PROBLEM >>
Give back exactly the lines running from the line with "this 1600×1039 image." to the end of the entries, and only those lines.

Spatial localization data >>
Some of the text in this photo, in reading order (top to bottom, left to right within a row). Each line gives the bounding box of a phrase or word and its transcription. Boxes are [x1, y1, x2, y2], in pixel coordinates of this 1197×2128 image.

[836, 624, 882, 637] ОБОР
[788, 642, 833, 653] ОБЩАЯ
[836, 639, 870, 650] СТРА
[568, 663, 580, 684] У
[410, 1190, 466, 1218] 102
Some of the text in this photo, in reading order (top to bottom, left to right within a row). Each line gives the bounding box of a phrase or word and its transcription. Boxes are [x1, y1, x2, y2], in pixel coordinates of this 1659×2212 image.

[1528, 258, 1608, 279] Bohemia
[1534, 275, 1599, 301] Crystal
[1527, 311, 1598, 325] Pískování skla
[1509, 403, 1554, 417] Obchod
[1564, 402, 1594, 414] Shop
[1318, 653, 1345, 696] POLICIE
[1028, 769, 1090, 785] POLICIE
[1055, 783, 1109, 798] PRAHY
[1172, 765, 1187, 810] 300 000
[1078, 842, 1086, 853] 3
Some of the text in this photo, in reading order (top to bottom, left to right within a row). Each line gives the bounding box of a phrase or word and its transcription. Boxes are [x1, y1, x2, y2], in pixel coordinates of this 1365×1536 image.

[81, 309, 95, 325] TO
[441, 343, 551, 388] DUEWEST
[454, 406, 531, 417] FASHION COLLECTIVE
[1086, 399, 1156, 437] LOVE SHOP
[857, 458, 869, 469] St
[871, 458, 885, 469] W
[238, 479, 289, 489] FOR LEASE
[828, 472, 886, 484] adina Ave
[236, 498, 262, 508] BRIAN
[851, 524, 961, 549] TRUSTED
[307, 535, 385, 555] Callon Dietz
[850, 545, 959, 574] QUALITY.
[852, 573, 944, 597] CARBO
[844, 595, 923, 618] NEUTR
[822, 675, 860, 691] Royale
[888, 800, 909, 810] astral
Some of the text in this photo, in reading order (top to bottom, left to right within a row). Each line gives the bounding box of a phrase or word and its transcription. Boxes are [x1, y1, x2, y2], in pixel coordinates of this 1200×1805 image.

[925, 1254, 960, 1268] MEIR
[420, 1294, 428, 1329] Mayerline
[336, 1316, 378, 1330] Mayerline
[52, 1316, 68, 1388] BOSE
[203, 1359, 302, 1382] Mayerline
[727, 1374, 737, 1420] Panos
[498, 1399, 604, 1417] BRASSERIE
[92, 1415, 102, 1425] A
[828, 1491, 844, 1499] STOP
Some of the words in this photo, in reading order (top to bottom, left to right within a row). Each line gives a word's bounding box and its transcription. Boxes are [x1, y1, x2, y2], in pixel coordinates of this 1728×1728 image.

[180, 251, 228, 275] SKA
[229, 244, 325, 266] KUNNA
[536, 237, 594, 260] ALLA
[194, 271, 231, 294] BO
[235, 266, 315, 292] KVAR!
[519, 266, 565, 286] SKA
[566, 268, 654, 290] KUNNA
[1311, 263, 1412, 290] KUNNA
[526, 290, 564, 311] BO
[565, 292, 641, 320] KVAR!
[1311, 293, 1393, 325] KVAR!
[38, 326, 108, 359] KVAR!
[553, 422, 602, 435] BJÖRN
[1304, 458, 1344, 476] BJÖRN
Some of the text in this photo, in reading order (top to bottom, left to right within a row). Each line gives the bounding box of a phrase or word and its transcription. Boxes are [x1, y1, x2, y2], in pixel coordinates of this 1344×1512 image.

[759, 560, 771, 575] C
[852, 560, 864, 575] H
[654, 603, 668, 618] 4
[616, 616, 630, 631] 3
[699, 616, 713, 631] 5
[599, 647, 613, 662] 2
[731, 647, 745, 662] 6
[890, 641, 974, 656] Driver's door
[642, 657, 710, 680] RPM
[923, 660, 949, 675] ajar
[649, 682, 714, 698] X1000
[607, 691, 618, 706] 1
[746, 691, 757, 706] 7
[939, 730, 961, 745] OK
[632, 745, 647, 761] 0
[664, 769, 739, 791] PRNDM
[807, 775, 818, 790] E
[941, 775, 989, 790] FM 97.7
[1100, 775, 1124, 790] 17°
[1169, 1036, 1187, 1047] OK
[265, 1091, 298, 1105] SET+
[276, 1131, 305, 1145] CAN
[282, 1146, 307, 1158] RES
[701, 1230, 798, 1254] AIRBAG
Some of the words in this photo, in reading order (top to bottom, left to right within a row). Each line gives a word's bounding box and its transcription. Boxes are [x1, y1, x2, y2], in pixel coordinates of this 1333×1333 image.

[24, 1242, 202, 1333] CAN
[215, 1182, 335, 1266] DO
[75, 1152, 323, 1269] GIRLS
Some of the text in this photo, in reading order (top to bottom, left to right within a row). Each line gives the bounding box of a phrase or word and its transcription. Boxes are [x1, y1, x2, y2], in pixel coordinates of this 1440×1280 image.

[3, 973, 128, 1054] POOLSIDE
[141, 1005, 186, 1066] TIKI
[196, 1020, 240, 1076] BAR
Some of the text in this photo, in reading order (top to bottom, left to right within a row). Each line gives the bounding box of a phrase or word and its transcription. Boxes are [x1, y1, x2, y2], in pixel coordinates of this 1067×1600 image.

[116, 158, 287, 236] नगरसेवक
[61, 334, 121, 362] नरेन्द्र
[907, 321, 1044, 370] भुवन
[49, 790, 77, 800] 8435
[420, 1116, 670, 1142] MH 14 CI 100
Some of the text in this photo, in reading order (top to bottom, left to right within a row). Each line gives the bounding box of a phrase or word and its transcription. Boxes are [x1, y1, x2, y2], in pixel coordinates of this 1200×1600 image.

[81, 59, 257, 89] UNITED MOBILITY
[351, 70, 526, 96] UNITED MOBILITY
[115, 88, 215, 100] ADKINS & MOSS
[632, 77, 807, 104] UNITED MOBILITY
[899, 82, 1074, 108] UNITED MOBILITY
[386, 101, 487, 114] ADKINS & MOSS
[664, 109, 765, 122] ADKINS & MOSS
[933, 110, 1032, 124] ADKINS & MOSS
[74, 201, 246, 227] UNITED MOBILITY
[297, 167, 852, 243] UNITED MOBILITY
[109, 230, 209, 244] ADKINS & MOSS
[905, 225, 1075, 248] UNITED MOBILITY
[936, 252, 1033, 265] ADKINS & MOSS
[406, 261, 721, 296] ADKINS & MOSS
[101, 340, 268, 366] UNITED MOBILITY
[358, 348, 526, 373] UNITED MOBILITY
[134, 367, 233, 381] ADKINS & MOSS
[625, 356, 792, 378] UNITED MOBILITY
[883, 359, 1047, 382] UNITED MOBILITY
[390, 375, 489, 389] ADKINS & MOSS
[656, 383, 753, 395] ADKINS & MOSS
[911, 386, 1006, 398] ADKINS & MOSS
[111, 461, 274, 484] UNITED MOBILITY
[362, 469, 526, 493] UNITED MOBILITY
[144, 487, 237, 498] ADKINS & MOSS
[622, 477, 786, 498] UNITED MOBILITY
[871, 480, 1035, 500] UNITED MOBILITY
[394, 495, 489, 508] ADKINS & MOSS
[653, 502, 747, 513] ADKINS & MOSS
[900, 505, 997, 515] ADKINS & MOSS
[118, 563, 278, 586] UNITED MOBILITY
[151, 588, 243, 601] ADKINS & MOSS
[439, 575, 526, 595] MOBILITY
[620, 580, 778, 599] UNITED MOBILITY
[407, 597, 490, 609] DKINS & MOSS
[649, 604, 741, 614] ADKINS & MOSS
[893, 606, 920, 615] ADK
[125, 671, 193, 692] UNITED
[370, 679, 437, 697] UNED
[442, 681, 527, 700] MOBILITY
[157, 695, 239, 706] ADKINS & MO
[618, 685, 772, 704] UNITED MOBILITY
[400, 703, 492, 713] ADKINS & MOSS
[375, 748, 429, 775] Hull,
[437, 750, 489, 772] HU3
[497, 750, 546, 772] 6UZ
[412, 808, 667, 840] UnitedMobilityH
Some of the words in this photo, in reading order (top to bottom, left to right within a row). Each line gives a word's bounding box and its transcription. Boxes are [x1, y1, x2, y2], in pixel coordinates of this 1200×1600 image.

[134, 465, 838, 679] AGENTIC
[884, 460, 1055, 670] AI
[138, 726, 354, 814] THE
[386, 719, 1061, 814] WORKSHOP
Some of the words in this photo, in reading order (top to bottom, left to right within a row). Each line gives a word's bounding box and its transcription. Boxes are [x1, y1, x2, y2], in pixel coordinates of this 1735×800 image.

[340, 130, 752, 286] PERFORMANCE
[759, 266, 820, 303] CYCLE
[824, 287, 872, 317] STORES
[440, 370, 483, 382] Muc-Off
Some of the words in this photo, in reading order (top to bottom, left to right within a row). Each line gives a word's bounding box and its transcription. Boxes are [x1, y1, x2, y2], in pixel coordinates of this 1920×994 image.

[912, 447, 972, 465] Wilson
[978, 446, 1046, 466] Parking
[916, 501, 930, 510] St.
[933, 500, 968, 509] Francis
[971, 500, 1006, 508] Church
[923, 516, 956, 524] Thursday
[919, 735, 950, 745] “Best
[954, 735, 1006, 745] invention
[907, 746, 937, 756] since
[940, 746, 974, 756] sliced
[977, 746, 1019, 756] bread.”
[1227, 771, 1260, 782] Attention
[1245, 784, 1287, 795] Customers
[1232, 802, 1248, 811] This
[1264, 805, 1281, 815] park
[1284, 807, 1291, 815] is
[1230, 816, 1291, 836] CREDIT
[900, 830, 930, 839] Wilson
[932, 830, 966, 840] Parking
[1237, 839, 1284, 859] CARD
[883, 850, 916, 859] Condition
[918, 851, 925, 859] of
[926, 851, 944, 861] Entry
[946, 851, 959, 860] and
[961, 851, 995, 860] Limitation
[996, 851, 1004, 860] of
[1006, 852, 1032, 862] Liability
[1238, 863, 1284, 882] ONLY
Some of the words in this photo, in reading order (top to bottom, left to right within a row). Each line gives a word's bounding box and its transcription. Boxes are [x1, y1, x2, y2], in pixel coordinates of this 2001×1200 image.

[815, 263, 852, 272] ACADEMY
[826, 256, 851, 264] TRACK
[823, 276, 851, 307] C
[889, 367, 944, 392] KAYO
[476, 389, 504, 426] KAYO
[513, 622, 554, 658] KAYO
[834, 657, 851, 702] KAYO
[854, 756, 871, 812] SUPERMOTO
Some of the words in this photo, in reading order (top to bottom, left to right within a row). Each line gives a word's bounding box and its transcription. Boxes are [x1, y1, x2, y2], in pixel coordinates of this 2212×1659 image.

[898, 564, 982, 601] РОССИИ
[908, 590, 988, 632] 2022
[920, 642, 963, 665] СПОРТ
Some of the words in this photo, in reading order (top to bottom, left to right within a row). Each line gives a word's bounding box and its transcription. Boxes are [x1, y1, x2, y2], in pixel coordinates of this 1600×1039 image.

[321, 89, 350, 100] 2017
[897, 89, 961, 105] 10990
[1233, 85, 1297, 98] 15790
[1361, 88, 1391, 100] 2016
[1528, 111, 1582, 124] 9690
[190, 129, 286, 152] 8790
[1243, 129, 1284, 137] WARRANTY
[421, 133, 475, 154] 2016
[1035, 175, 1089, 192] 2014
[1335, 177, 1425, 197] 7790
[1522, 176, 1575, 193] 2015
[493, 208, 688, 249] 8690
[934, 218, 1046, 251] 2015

SOLUTION TO THIS EXERCISE >>
Some of the words in this photo, in reading order (top to bottom, left to right within a row). Each line gives a word's bounding box and its transcription. Boxes are [x1, y1, x2, y2], in pixel coordinates of this 1600×1039 image.

[321, 89, 350, 100] 2017
[897, 89, 961, 105] 10990
[1233, 85, 1297, 98] 15790
[1361, 88, 1391, 100] 2016
[1528, 111, 1582, 124] 9690
[190, 129, 286, 152] 8790
[1243, 129, 1284, 137] WARRANTY
[421, 133, 475, 154] 2016
[1035, 175, 1089, 192] 2014
[1335, 177, 1425, 197] 7790
[1522, 176, 1575, 193] 2015
[493, 208, 688, 249] 8690
[934, 218, 1046, 251] 2015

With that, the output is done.